晋江文学城
下一章 上一章  目录  设置

9、玖 进宫(点名 ...

  •   第九章

      顾须归一句“没吃饱”说出来,谢湛立马复盘他们早上吃了什么。
      那会亲眼看着她用了大半碗白粥,喝到哪里去了?

      谢泱却爽朗地笑起来:“兄姊真性情!若不嫌弃,不妨让他们拿新两副新的碗筷来,孤与兄长兄姊分食之,亦不算浪费。”

      何琨便差两名年轻内侍,拿了两副新的碗筷过来。谢湛谢了恩,堪堪抿了几口便放了筷子。倒是顾须归埋头喝羹,头也不抬。
      她在用羹之余听见新帝和谢湛闲聊,说最近文臣们提出兴复旧礼的事。以杜太傅为首的几名文臣前来进言,同新帝掰扯了好几次,今日下了朝又来,烦都烦死。

      顾须归在将军府的时候,听父母偶尔闲谈,依稀对这事有个印象。先帝去世的前几年,大周的江山便已基本稳固了,那时关口略微有些不太平,总有胡人闹事,父亲为清扫战场,便又在边关驻扎了好几年才返京。京城那时已逐渐开始推行新制,只是进展缓慢,自新帝上位才开始如火如荼地推行。

      新帝谢泱是个胆子很大的人,十分敢于革新。大周原先对农商卡得很严,设市经商皆由朝廷管控,谢泱便主张重农扶商,所易货物大多交由朝廷定价,开夜市,重商税,一时将大周的农商调控至两边较为稳定的范畴。
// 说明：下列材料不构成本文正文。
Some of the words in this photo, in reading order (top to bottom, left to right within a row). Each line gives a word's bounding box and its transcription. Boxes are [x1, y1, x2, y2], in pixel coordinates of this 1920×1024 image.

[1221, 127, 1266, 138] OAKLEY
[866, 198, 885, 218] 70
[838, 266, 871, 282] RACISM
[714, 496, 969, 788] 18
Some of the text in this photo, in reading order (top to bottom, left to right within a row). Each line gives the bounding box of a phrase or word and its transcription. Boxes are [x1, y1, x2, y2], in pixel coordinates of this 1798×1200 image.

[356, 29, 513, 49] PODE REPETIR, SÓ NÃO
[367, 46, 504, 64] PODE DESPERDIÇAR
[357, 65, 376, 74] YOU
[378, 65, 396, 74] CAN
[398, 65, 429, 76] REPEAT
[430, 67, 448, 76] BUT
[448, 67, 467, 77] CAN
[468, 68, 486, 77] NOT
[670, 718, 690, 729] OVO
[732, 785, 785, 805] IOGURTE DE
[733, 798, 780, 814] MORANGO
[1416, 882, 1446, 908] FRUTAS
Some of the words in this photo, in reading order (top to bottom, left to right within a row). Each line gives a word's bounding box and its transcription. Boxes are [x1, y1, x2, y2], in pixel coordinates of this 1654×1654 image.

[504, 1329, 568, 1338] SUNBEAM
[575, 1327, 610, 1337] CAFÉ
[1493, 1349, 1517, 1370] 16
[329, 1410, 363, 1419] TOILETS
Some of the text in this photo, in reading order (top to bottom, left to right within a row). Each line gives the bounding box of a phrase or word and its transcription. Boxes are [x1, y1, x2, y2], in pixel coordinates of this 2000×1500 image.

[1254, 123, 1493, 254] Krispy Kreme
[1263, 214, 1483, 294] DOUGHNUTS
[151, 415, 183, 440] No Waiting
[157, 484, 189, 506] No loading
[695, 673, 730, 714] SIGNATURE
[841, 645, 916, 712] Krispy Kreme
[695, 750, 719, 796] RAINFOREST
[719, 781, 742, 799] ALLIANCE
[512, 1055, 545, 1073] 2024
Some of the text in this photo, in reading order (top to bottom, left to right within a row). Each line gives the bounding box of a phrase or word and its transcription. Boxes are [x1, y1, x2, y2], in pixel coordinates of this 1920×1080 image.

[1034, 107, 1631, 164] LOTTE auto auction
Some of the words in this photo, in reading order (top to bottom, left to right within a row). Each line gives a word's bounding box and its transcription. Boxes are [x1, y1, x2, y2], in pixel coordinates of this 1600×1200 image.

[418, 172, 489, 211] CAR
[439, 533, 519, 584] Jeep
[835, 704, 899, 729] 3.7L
经战乱,大周人口流失,为确保农商复兴,他还鼓励女子从业,而非囿于旧礼在宅院内相夫教子。相应地,增设女子学堂内容,提升女子文化水平。同时,为安抚周边,鼓励外族经商,所在大周域内的外族经商皆享朝廷补贴,外族女子可与大周子民通婚。
      这一系列举措固然对经济有益,但也惹得朝中那些崇礼重教的文臣诸多不满。以杜鸿礼为首的几位文臣率先不干了,说是败坏祖制,有违纲常。且不说农商之后该如何保持平衡,单是女子从商习文、外族通婚,就已有悖于周朝历来奉行的礼制。

      杜鸿礼是这么说的:“微臣对新制存有三问,请圣上释疑:农商冲突何以得到缓解?新式女教何以合乎礼法?婚通外族何以安宁宗祠?”

      新帝谢泱讲到这,咬牙切齿:“孤和他们简直就是沟通不了一点。且不说杜鸿礼那迂腐的老家伙还考虑些农耕商贾,张宗正今早竟问朕:若要增劳动力,直接鼓励女子早婚多生不就得了?——废话,他家小孩呱呱坠地就能去耕田犁地还是怎么的?生的是婴孩又不是牲口!和这种人简直不能多云,根本云不通。”
      说到这,新帝又叹气:“为何文臣对女教的声音如此之大?这些天有不少文臣前来谏言,更有甚者,批判孤是在将大周女子往不三不四的方向带,与祖礼所推崇的女教背道而驰……长此以往,大周必会礼崩乐坏。今日恰逢兄长在,孤倒是想听听兄长的意见。”

      谢湛沉默半晌,有些遗憾地笑道:“臣愚昧。多年卧病在床,臣对朝堂之事一无所知,早已是鼠目寸光了,望请圣上宽恕臣实难为君排忧解难。”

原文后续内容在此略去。